### Goal of the exercise
Copy the listing that follows exactly. Its pictures do not belong in the copy.

### Record extracts

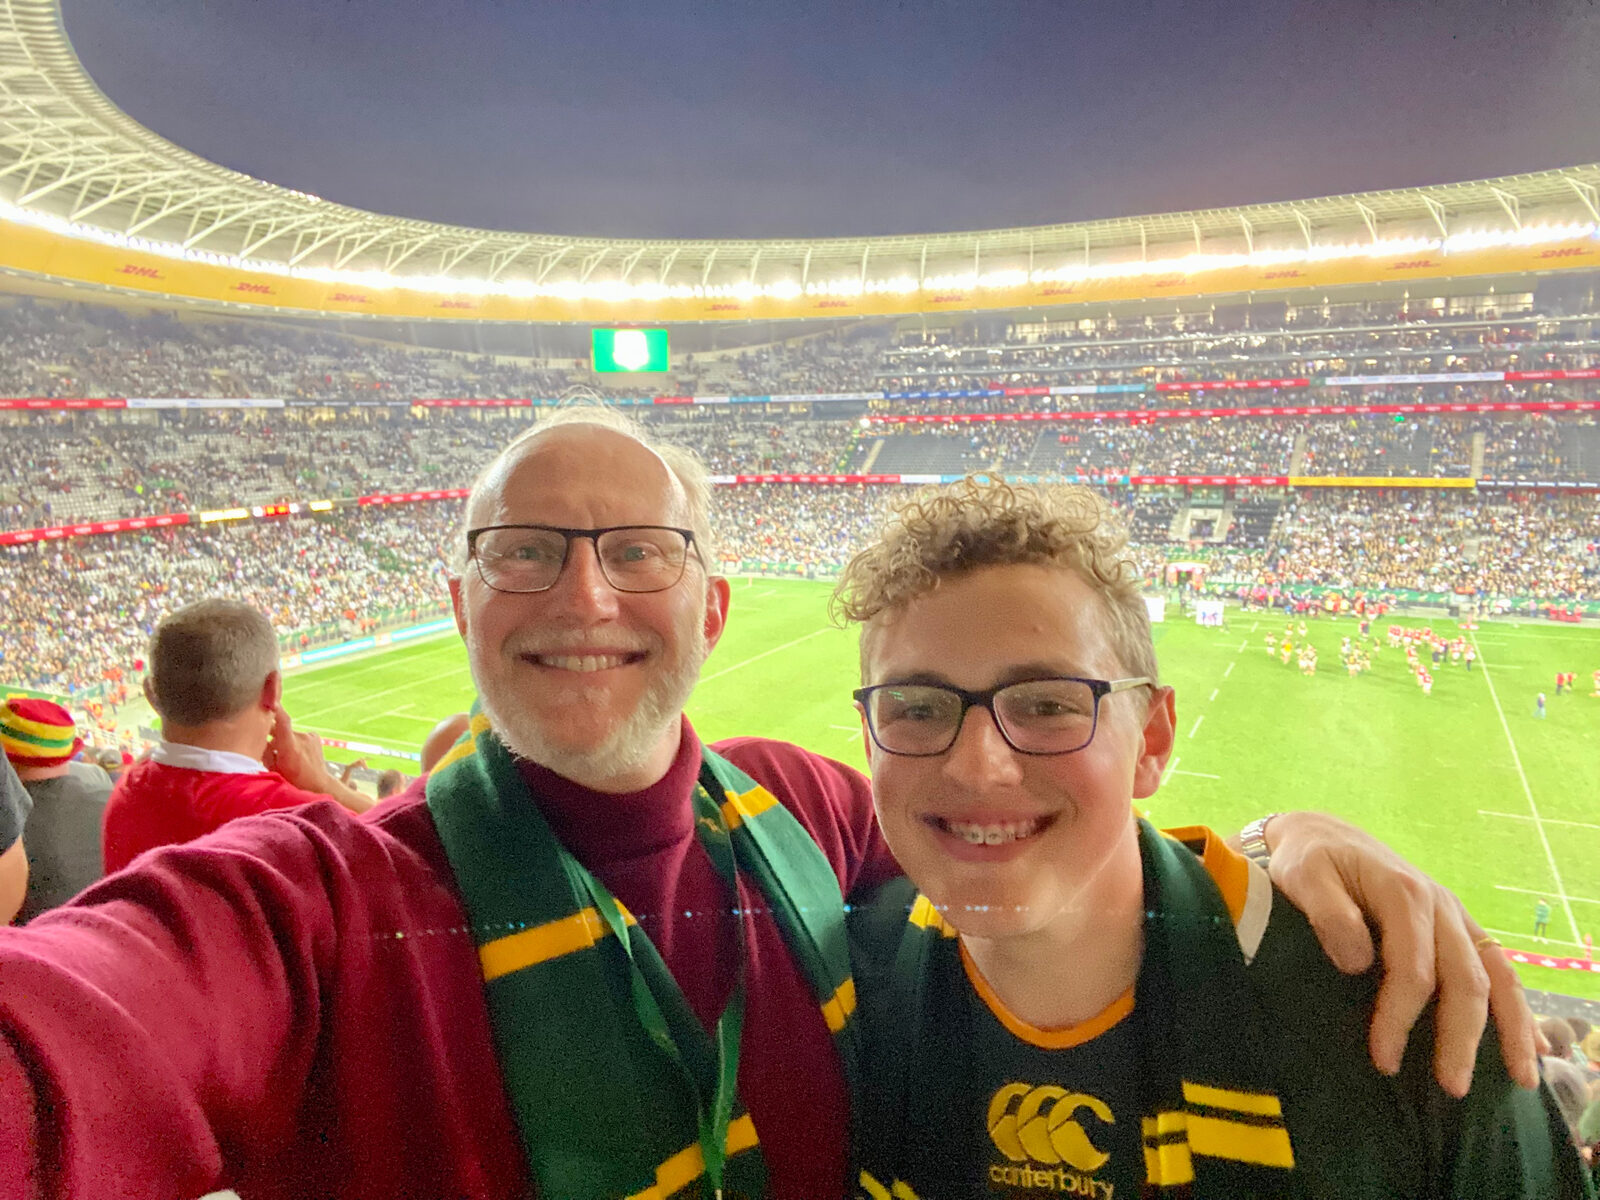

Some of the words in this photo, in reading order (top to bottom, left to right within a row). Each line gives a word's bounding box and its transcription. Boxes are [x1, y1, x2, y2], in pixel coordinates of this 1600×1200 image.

[1539, 247, 1584, 259] DHL
[121, 263, 160, 279] DHL
[236, 282, 272, 295] DHL
[988, 1162, 1115, 1200] canterbury
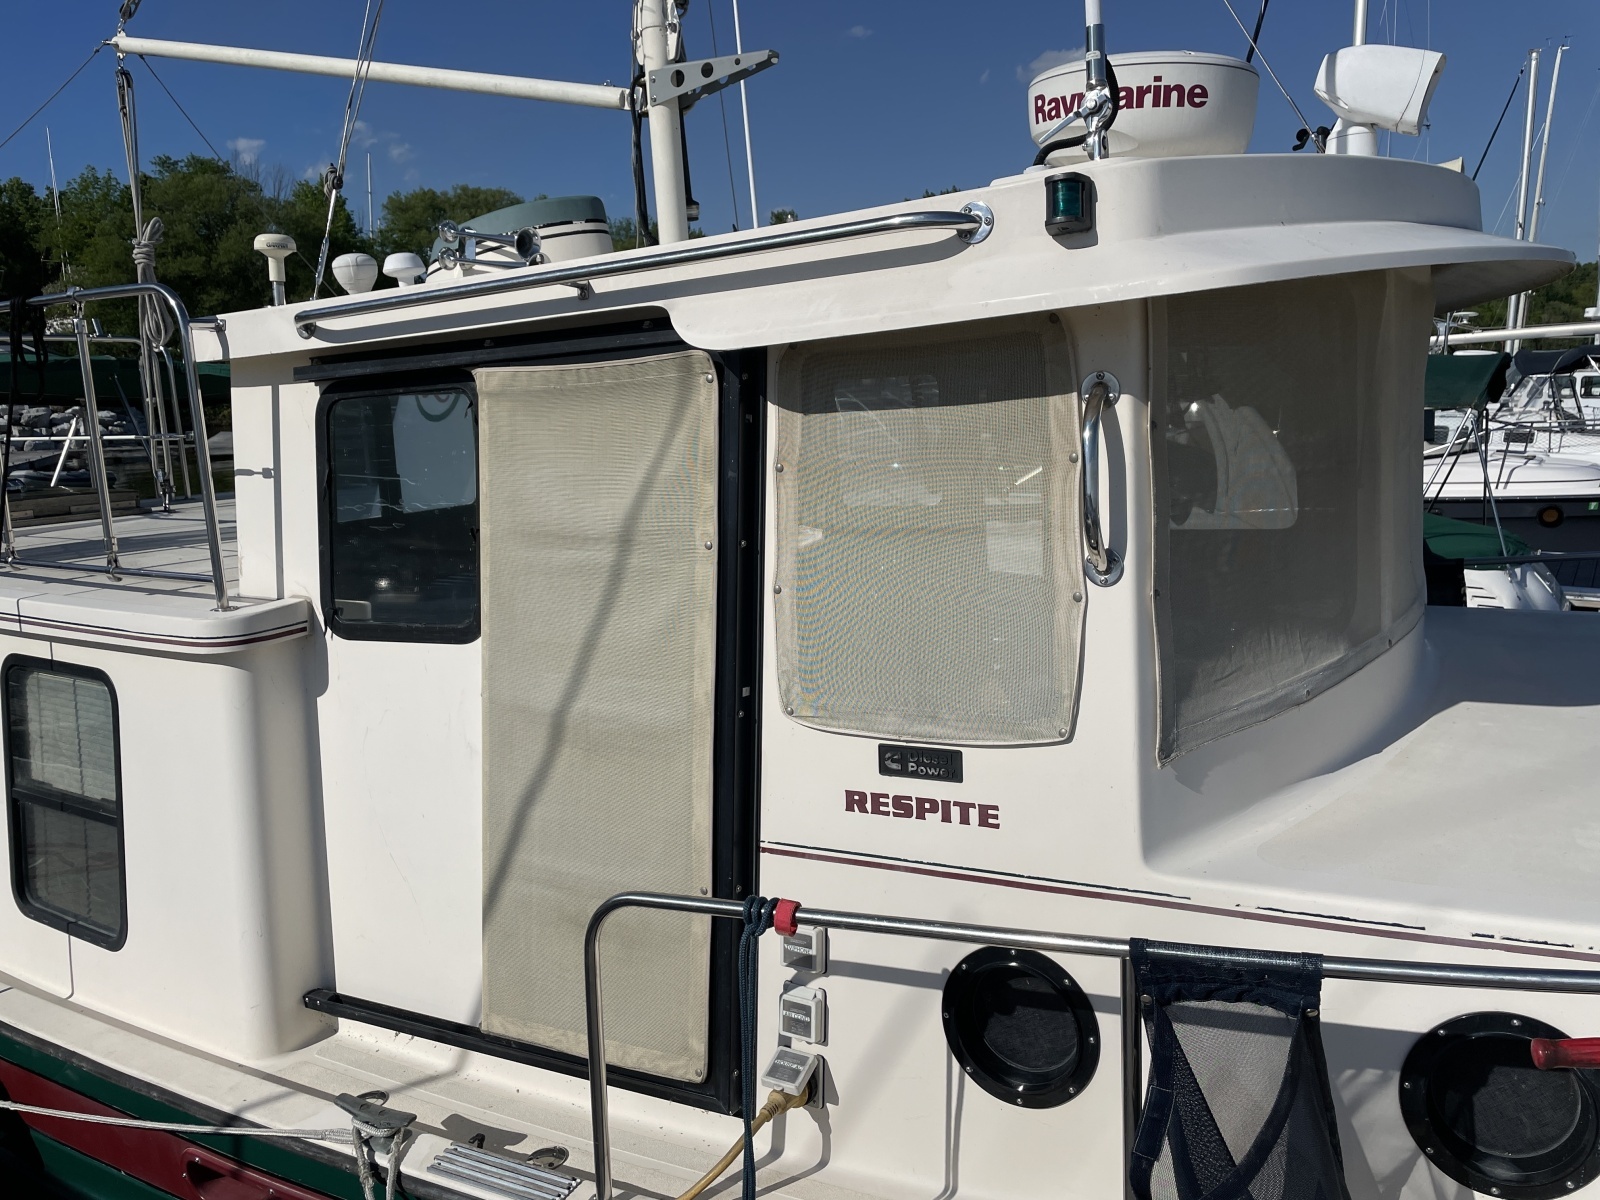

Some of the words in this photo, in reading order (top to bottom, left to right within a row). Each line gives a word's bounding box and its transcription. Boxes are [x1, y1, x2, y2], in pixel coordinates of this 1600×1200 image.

[1034, 75, 1209, 124] Rayarine
[908, 762, 956, 778] Power
[844, 789, 1001, 829] RESPITE
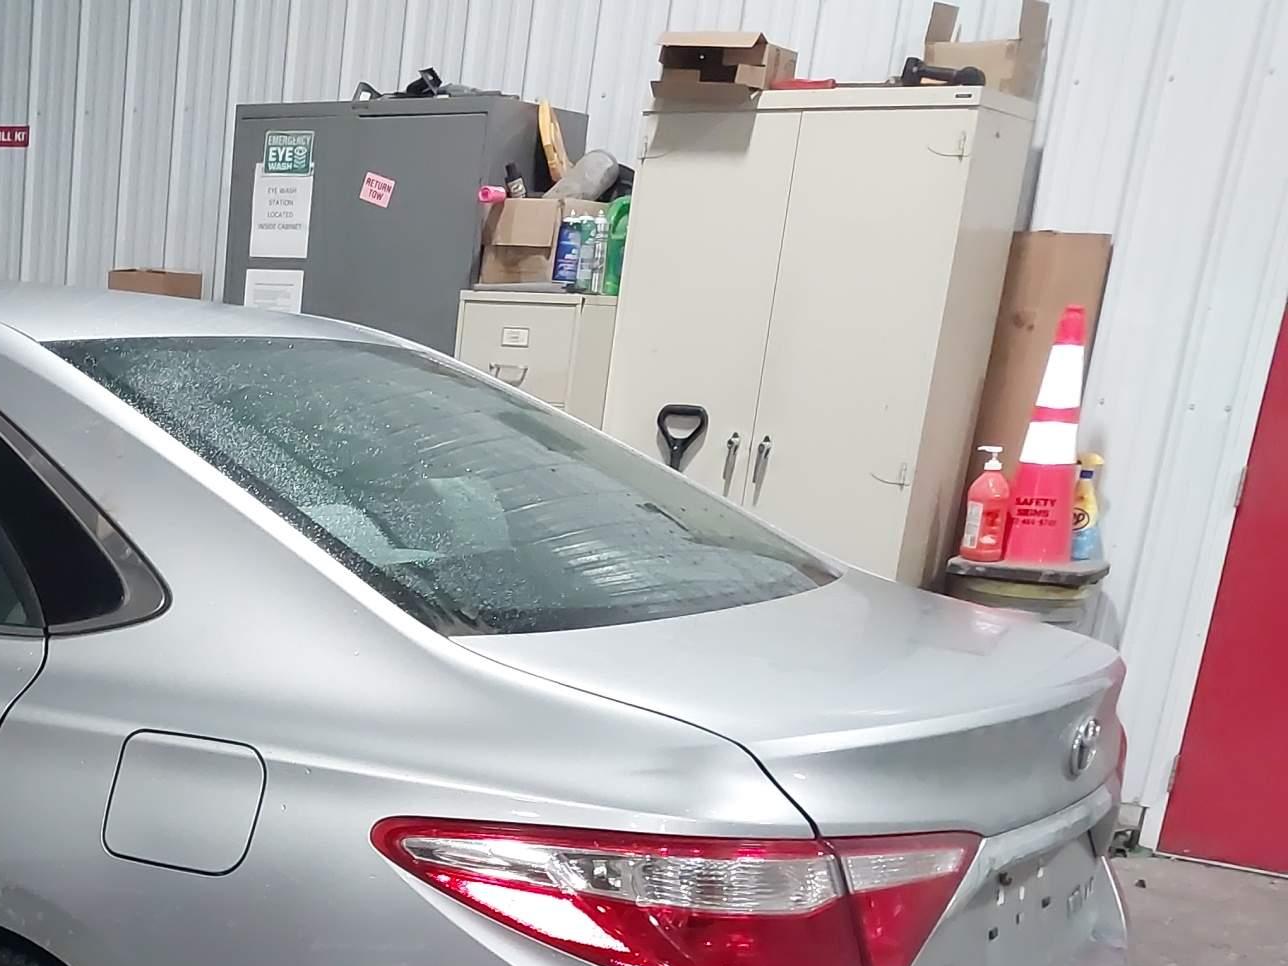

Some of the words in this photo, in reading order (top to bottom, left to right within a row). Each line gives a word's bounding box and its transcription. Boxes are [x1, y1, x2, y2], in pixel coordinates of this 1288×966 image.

[268, 135, 312, 146] EMERGENCY
[268, 146, 294, 162] EYE
[268, 162, 293, 171] WASH
[365, 177, 393, 194] RETURN
[368, 188, 384, 201] TOW
[268, 199, 294, 207] STATION
[267, 211, 294, 219] LOCATED
[1015, 497, 1057, 507] SAFETY
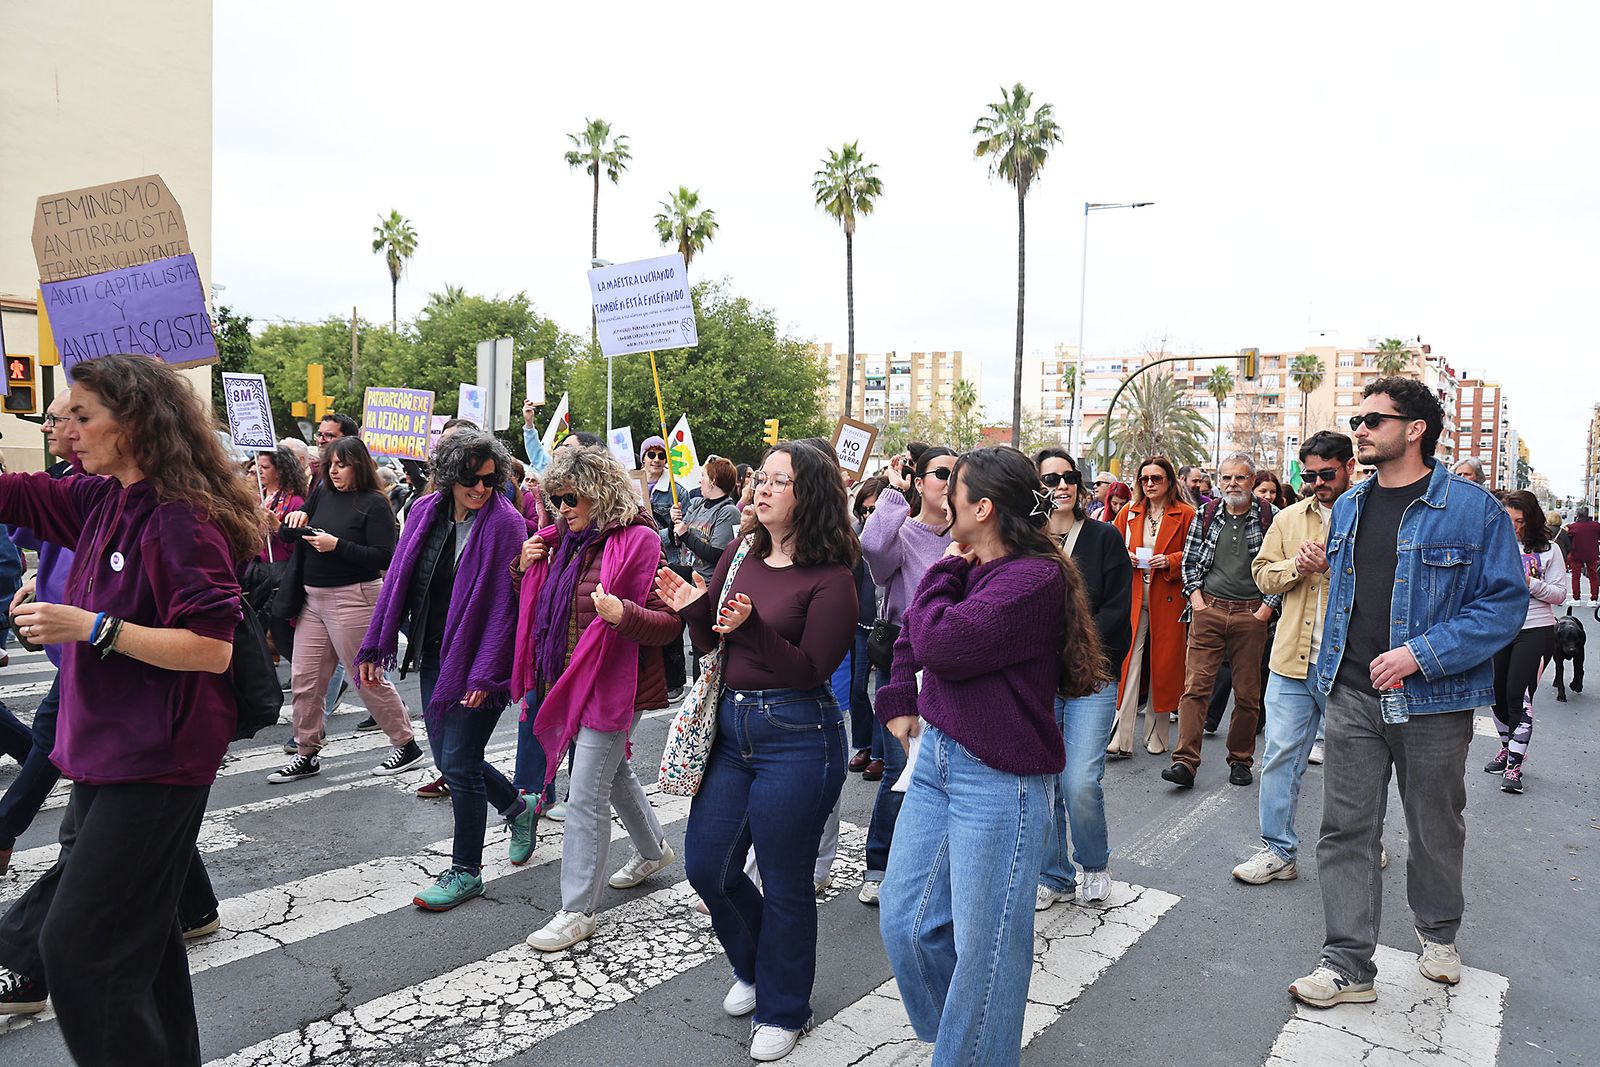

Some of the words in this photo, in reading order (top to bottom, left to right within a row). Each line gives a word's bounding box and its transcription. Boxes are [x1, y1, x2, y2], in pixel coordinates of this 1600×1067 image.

### Solved problem
Some of the words in this photo, in reading order (top to bottom, left to right within a row). Each line gives a word's bounding box and its transcription. Boxes are [x1, y1, x2, y2], in pixel coordinates of this 1600×1200 image.

[1539, 247, 1584, 259] DHL
[121, 263, 160, 279] DHL
[236, 282, 272, 295] DHL
[988, 1162, 1115, 1200] canterbury

Some of the words in this photo, in reading order (top to bottom, left to right within a row). Each line gives a word's bounding box and its transcription. Boxes are [x1, y1, x2, y2], in pixel coordinates of this 1600×1200 image.

[1034, 75, 1209, 124] Rayarine
[908, 762, 956, 778] Power
[844, 789, 1001, 829] RESPITE

Some of the words in this photo, in reading order (top to bottom, left to right within a row). Each line gives a word's bounding box and its transcription. Boxes are [x1, y1, x2, y2], in pixel coordinates of this 1288×966 image.

[268, 135, 312, 146] EMERGENCY
[268, 146, 294, 162] EYE
[268, 162, 293, 171] WASH
[365, 177, 393, 194] RETURN
[368, 188, 384, 201] TOW
[268, 199, 294, 207] STATION
[267, 211, 294, 219] LOCATED
[1015, 497, 1057, 507] SAFETY

Some of the words in this photo, in reading order (top to bottom, left to right within a row). Each line gives a word's bounding box and its transcription. Boxes are [x1, y1, x2, y2], in pixel coordinates of this 1600×1067 image.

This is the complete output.